C’était là, en tout cas, ce qui éclatait aux yeux du docteur Rieux qui, cherchant à gagner les faubourgs, cheminait seul, à la fin de l’après-midi, au milieu des cloches, du canon, des musiques et des cris assourdissants. Son métier continuait, il n’y a pas de congé pour les malades. Dans la belle lumière fine qui descendait sur la ville, s’élevaient les anciennes odeurs de viande grillée et d’alcool anisé. Autour de lui des faces hilares se renversaient contre le ciel. Des hommes et des femmes s’agrippaient les uns aux autres, le visage enflammé, avec tout l’énervement et le cri du désir. Oui, la peste était finie, avec la terreur, et ces bras qui se nouaient disaient en effet qu’elle avait été exil et séparation, au sens profond du terme.

Pour la première fois, Rieux pouvait donner un nom à cet air de famille qu’il avait lu, pendant des mois, sur tous les visages des passants.
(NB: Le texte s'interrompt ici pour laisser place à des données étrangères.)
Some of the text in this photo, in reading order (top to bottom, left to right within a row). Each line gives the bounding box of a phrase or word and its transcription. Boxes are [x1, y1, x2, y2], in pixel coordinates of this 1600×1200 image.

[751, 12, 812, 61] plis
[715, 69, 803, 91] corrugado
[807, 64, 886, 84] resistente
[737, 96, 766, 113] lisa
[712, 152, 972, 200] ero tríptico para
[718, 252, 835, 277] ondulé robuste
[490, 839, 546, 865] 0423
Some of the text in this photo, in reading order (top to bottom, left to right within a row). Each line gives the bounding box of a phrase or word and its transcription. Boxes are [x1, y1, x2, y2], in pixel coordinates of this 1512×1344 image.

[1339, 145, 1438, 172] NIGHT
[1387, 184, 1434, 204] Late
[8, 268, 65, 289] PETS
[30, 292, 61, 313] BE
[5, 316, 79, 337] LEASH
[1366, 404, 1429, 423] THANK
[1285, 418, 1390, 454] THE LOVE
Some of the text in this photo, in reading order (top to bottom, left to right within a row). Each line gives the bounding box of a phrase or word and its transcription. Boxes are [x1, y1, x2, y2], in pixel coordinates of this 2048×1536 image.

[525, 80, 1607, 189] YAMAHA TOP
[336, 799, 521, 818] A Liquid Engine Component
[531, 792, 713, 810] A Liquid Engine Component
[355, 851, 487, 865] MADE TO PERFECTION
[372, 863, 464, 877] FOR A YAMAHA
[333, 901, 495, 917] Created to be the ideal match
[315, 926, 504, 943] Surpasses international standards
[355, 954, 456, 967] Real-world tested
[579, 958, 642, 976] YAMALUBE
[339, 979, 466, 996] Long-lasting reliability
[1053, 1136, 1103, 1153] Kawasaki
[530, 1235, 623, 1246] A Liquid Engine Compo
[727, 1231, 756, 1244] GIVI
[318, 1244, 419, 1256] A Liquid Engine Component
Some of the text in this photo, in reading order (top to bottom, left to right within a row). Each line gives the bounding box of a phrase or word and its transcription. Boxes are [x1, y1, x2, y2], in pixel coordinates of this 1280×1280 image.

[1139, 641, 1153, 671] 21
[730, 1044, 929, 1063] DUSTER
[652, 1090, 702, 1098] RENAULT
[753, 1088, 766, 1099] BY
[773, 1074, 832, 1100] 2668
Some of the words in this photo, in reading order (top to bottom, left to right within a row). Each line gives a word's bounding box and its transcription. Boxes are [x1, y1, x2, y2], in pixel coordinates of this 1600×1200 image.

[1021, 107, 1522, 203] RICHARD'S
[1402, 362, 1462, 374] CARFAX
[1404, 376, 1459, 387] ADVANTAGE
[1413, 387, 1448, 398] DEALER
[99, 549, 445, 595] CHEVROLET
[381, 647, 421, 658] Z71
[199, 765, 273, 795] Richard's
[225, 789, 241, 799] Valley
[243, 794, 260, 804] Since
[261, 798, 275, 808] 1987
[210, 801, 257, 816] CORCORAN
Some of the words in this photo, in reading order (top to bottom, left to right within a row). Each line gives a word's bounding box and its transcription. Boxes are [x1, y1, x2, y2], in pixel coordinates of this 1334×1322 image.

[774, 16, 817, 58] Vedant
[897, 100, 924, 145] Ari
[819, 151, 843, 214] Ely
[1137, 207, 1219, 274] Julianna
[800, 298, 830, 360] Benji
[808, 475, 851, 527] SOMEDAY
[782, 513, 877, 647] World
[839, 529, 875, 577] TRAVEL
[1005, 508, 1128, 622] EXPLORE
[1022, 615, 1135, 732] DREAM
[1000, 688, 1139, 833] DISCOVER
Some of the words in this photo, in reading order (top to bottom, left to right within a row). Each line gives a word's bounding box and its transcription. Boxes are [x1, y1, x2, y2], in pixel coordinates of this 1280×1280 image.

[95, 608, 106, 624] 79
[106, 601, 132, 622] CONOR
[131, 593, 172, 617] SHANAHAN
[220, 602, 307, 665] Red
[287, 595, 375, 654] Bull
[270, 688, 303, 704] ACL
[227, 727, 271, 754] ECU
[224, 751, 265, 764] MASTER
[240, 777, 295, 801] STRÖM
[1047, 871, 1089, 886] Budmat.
Il lui suffisait maintenant de regarder autour de lui. Arrivés à la fin de la peste, avec la misère et les privations, tous ces hommes avaient fini par prendre le costume du rôle qu’ils jouaient déjà depuis longtemps, celui d’émigrants dont le visage d’abord, les habits maintenant, disaient l’absence et la patrie lointaine. À partir du moment où la peste avait fermé les portes de la ville, ils n’avaient plus vécu que dans la séparation, ils avaient été retranchés de cette chaleur humaine qui fait tout oublier. À des degrés divers, dans tous les coins de la ville, ces hommes et ces femmes avaient aspiré à une réunion qui n’était pas, pour tous, de la même nature, mais qui, pour tous, était également impossible. La plupart avaient crié de toutes leurs forces vers un absent, la chaleur d’un corps, la tendresse ou l’habitude. Quelques-uns, souvent sans le savoir, souffraient d’être placés hors de l’amitié des hommes, de n’être plus à même de les rejoindre par les moyens ordinaires de l’amitié qui sont les lettres, les trains et les bateaux. D’autres, plus rares, comme Tarrou peut-être, avaient désiré la réunion avec quelque chose qu’ils ne pouvaient pas définir, mais qui leur paraissait le seul bien désirable. Et faute d’un autre nom, ils l’appelaient quelquefois la paix.

Rieux marchait toujours. À mesure qu’il avançait, la foule grossissait autour de lui, le vacarme s’enflait et il lui semblait que les faubourgs qu’il voulait atteindre reculaient d’autant. Peu à peu, il se fondait dans ce grand corps hurlant dont il comprenait de mieux en mieux le cri qui, pour une part au moins, était son cri. Oui, tous avaient souffert ensemble, autant dans leur chair que dans leur âme, d’une vacance difficile, d’un exil sans remède et d’une soif jamais contentée. Parmi ces amoncellements de morts, les timbres des ambulances, les avertissements de ce qu’il est convenu d’appeler le destin, le piétinement obstiné de la peur et la terrible révolte de leur cœur, une grande rumeur n’avait cessé de courir et d’alerter ces êtres épouvantés, leur disant qu’il fallait retrouver leur vraie patrie. Pour eux tous, la vraie patrie se trouvait au-delà des murs de cette ville étouffée. Elle était dans ces broussailles odorantes sur les collines, dans la mer, les pays libres et le poids de l’amour. Et c’était vers elle, c’était vers le bonheur, qu’ils voulaient revenir, se détournant du reste avec dégoût.